Development of a model for the prediction of the fuel consumption and nitrogen oxides emission trade-off for large ships

• A model to predict fuel consumption and NOx emissions for large ship is presented.
• Pareto fronts of the trade-off between fuel consumption and NOx are presented.
• Exhaust gas recirculation may yield low NOx emissions without higher fuel consumption.
• A hybrid turbocharger and ORC system result in up to 8% fuel consumption reductions.
• Tuning the main engine to lower efficiency leads to higher combined cycle efficiency.
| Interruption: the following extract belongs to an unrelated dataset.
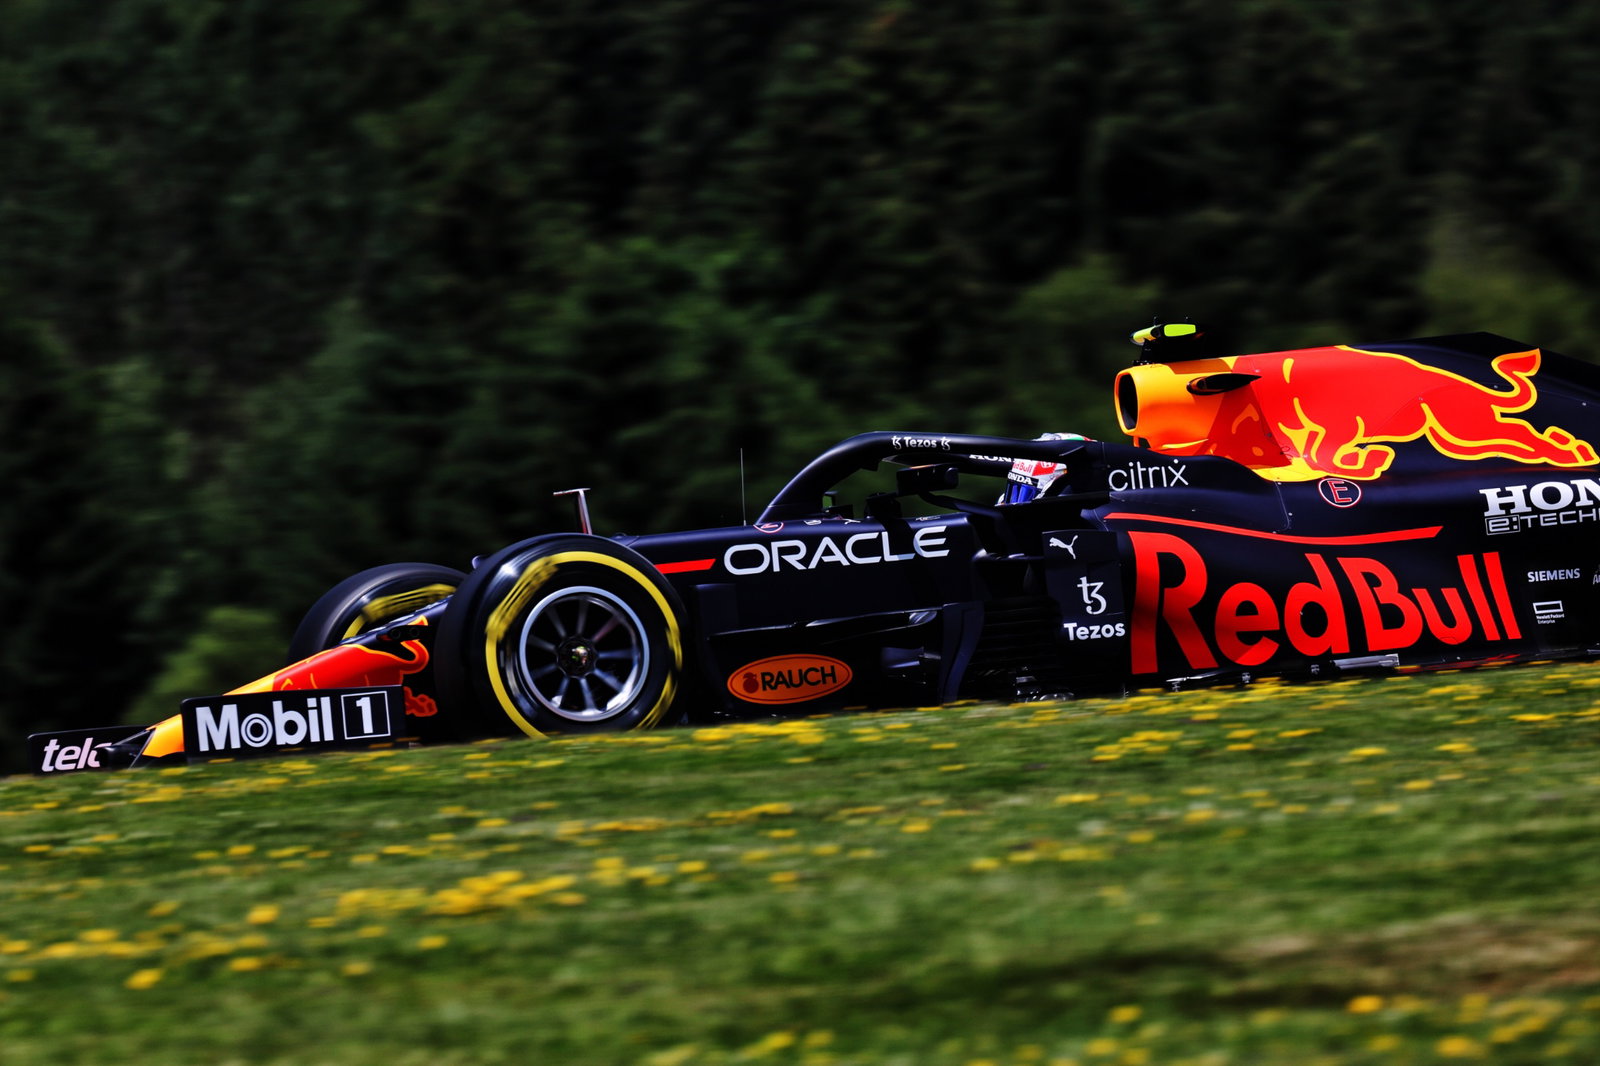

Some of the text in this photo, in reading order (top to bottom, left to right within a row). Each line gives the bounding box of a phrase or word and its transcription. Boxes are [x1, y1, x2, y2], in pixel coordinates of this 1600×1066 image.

The international regulations on fuel efficiency and NOx emissions of commercial ships motivate the investigation of new system layouts, which can comply with the regulations. In combustion engines, measures to reduce the fuel consumption often lead to increased NOx emissions and careful consideration of this trade-off mechanism is required in the design of marine propulsion systems. This study investigates five different configurations of two-stroke diesel-based machinery systems for large ships and their influence on the mentioned trade-off. Numerical models of a low-speed two-stroke diesel engine, turbochargers and an ORC (organic Rankine cycle), are used for the optimisation of the NOx and fuel consumption at design and part-load conditions, using a multi-objective genetic algorithm. Moreover, the effects of engine tuning and exhaust gas recirculation are investigated. The results suggest that increased system complexity can lead to lower fuel consumption and NOx. Fuel consumption reductions of up to 9% with a 6.5% NOx reduction were achieved using a hybrid turbocharger and organic Rankine cycle waste heat recovery system.